The output should match the data below line for line.

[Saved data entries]
..........

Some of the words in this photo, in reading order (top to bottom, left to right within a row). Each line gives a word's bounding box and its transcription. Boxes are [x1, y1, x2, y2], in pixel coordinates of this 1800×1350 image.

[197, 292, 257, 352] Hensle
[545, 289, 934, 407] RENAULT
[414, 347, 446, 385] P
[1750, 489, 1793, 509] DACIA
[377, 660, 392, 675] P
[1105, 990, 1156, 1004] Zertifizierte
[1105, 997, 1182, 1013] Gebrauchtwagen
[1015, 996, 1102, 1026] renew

..........

# [Reply to the task]
Some of the words in this photo, in reading order (top to bottom, left to right within a row). Each line gives a word's bounding box and its transcription. Boxes are [x1, y1, x2, y2], in pixel coordinates of this 1800×1350 image.

[197, 292, 257, 352] Hensle
[545, 289, 934, 407] RENAULT
[414, 347, 446, 385] P
[1750, 489, 1793, 509] DACIA
[377, 660, 392, 675] P
[1105, 990, 1156, 1004] Zertifizierte
[1105, 997, 1182, 1013] Gebrauchtwagen
[1015, 996, 1102, 1026] renew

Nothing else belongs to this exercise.